By April 4th, the UO administration must file any challenges to United Academic’s bargaining unit definition.  The UO administration has until April 4th to file any challenge to the composition of the proposed bargaining unit. 

By April 4th, United Academics must file any challenge to the official list submitted to the ERB by the UO administration.  We have until April 4th to review the list the UO administration sent the ERB and file any challenge to that official list of employees — to object to omissions or additions, or to any attempts to redefine the bargaining unit via this list.

During this process of list submission, card verification and potential challenges, the specific number of faculty considered to be in the bargaining unit will remain in a state of flux.  Based upon our best estimates of the number of eligible faculty, we are confident that a clear majority of our colleagues support forming a union.

By April 4th, UO faculty members could submit signatures and a petition to the ERB for an mail-in election:   If some UO faculty members want to, they have the right to gather hard-copy signatures from 30 percent of the faculty included in the proposed bargaining unit and present a separate petition to the ERB to override the card-check process and trigger an election.

The online petition that is currently underway at the link above is about excluding TTF’s from a union and it is *not* a petition for a secret ballot election.

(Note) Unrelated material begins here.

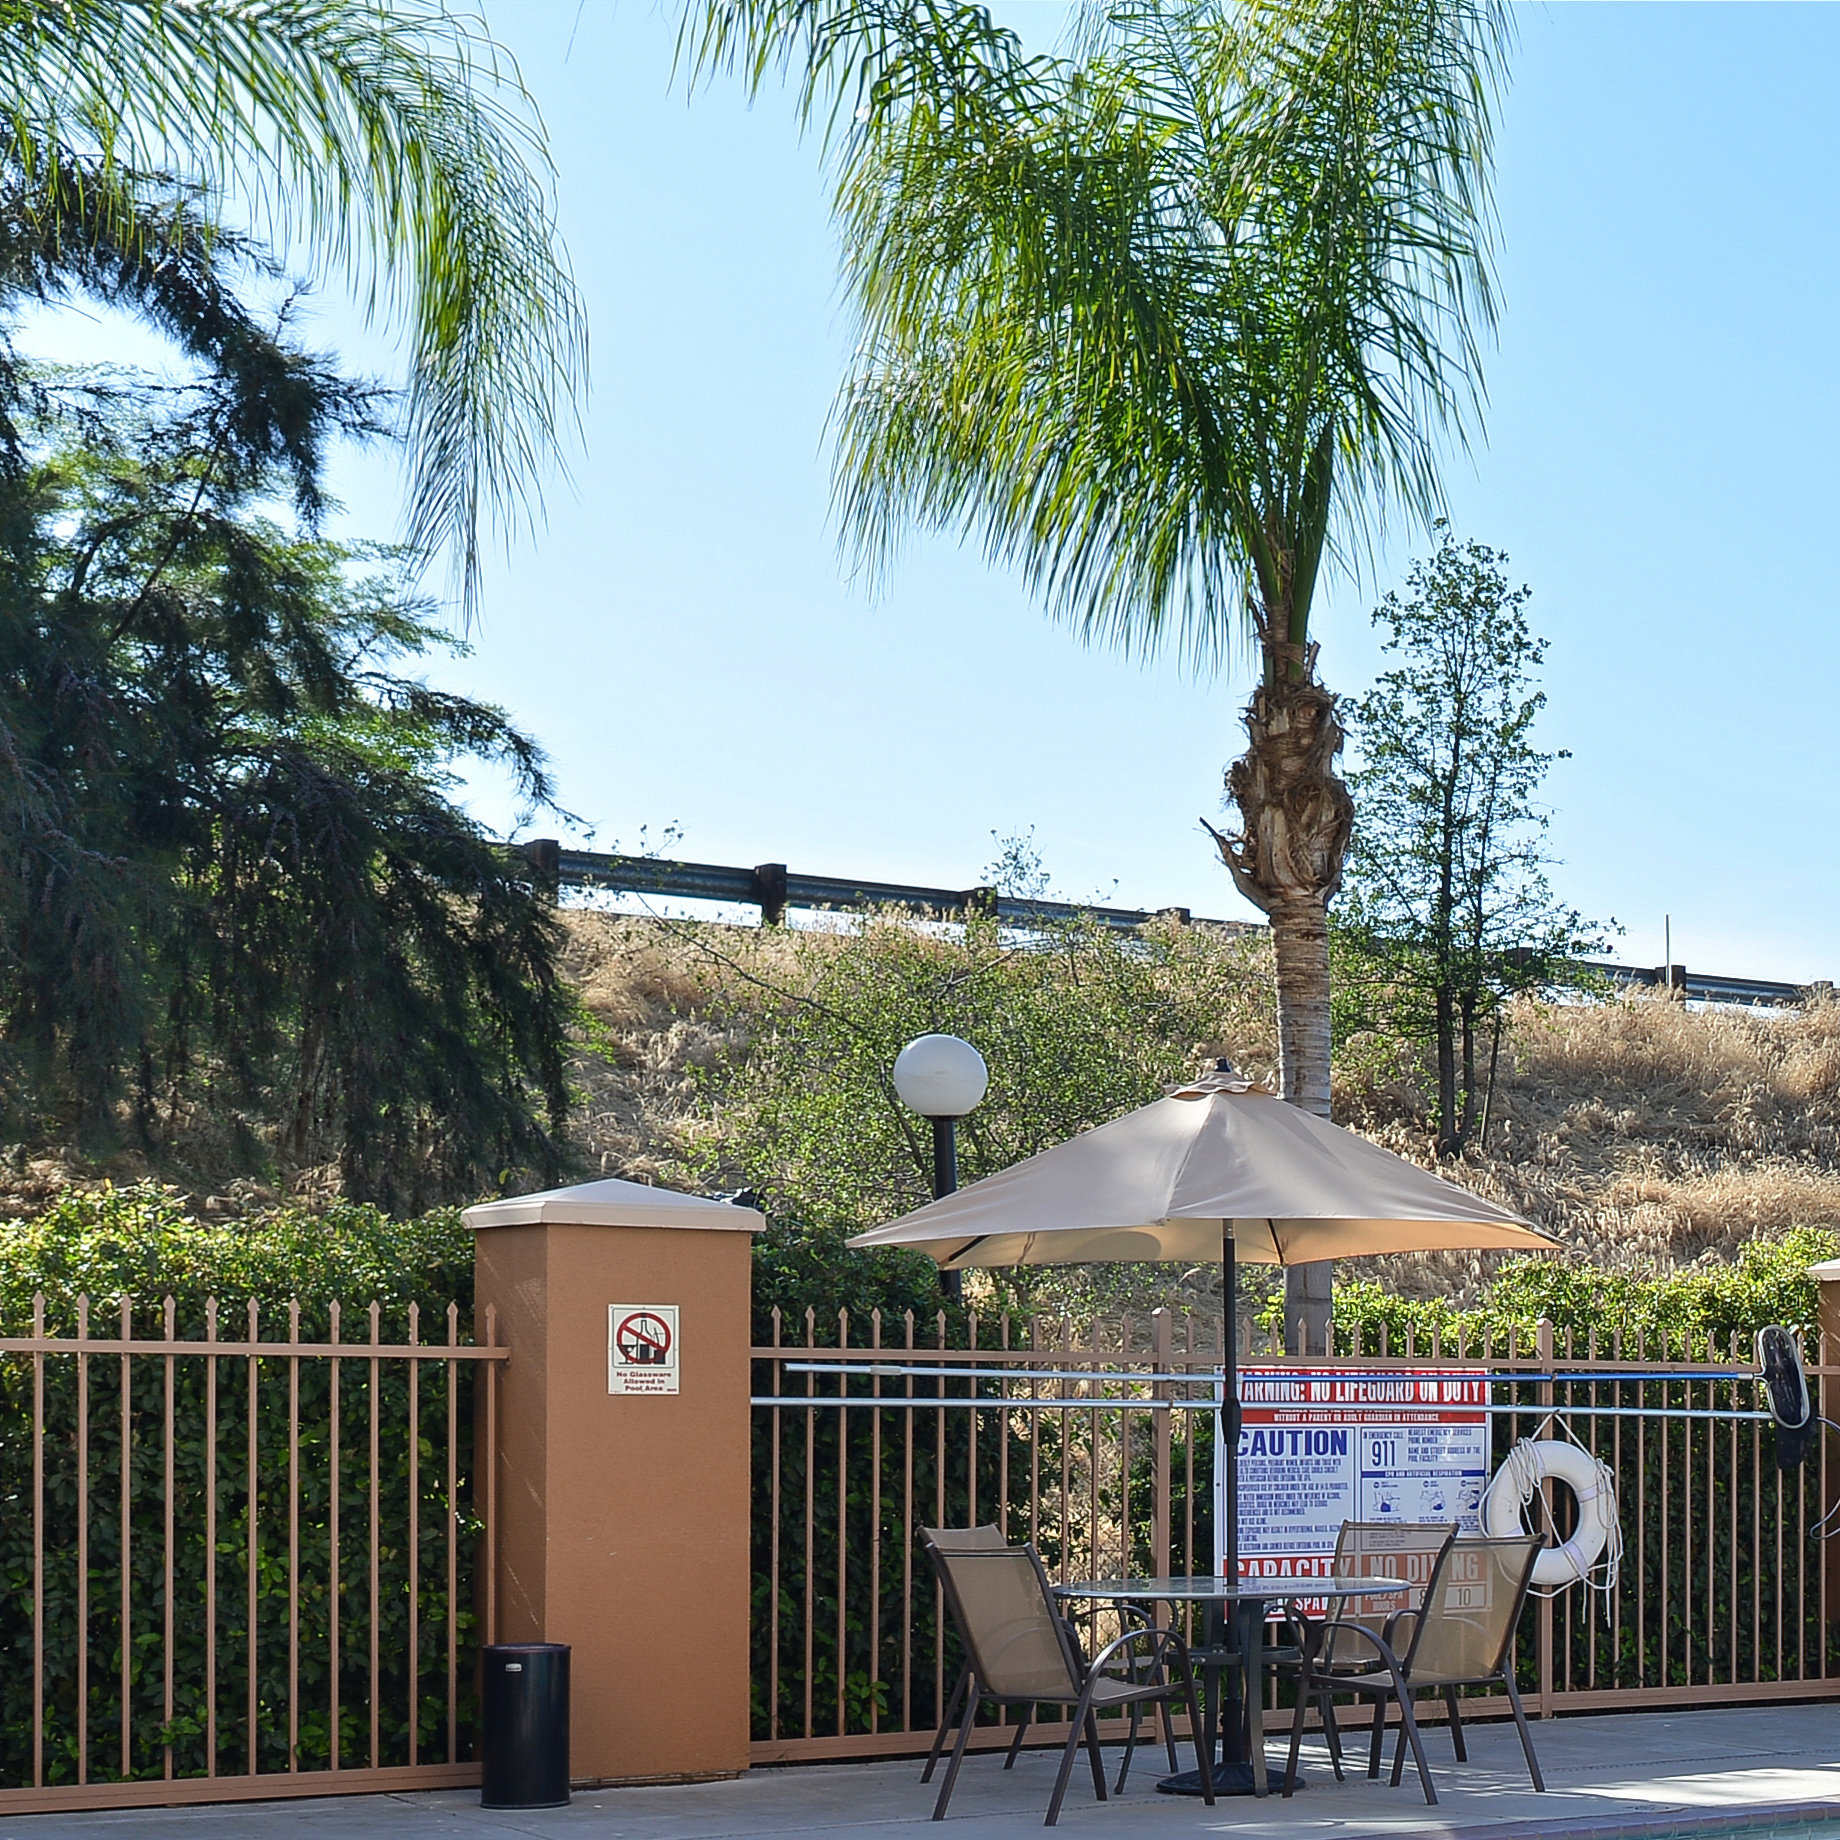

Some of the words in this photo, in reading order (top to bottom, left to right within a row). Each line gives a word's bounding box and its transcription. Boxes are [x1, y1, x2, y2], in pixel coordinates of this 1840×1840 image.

I have heard such a petition is being organized and I will post it here, but 30% of the entire proposed bargaining unit seems like a tough hurdle, especially if it really has to be hard-copy signatures.

7 Comments

  1. Anonymous 03/25/2012

    Maybe I missed it, but has there been a statement from the union organizers regarding the rationale of why law school faculty are excluded?

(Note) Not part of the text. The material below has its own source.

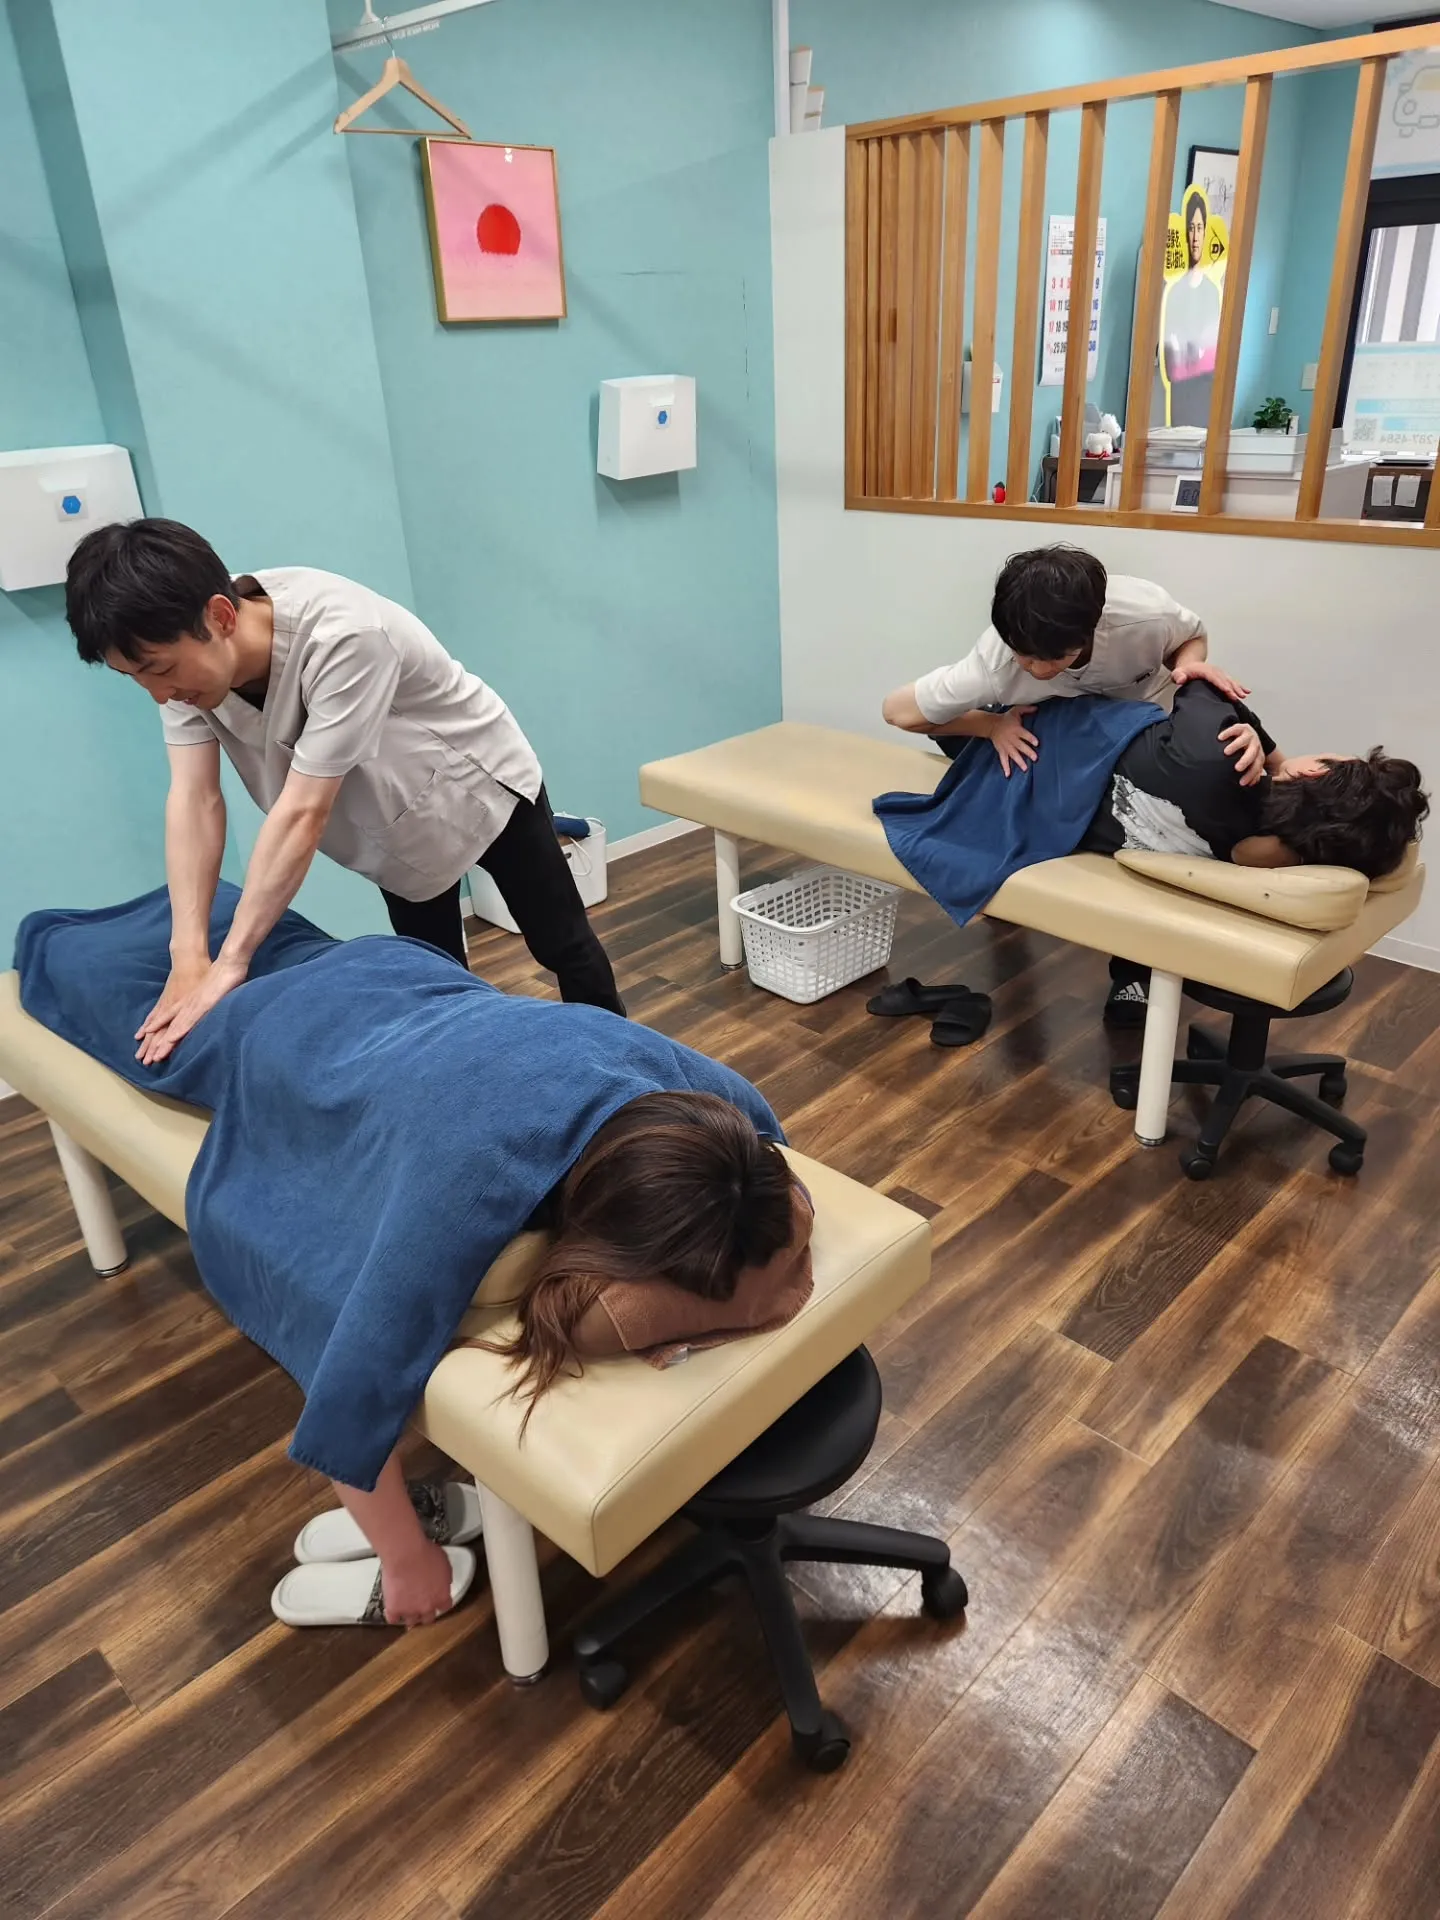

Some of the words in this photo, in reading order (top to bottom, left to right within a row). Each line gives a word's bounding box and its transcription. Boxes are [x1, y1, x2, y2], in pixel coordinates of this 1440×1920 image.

[1057, 300, 1063, 312] 11
[1049, 320, 1055, 333] 17
[1053, 342, 1060, 354] 25

    • Anonymous 03/25/2012

      The union organizers say to ask the law faculty, and I for one am waiting for a collegial response that is not just legalistic and self-serving.

    • Anonymous 03/25/2012

      P.S. (from anon 9:33) — I’d like a collegial response from the _law faculty_.

  2. Anonymous 03/25/2012

    It seems the onus is on the Union organizers, not the law faculty, to explain the choice of bargaining unit. We should not be expected to ask the secretarial staff why they aren’t included in the union organizers’ bargaining unit.

  3. Anonymous 03/25/2012

    I guess this implies it is self-serving to opt out of the union (in ones’s best interest). If that’s true, why is everyone else rushing to join it!

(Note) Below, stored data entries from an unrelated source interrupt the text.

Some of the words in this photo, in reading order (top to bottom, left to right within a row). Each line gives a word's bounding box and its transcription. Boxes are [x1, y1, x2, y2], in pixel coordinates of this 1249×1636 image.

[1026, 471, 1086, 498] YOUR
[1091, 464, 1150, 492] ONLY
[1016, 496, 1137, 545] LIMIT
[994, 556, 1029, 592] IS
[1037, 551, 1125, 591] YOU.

    • Anonymous 03/26/2012

      Lots of us are not rushing to join it.

      Furthermore, for those who are rushing to joint it, I’d recommend they have a conversation with the very large collection of unionized state workers with higher education. They should ask those people how they’ve liked their wage freezes and furloughs the last few years.

    • Anonymous 03/26/2012

      I would assume it is because working on campus entails a broad range of activities and priorities, and therefore, amazingly enough, we aren’t all the same. So while “everyone” (meaning something higher than 50%) is rushing to join it, others may not find it appealing.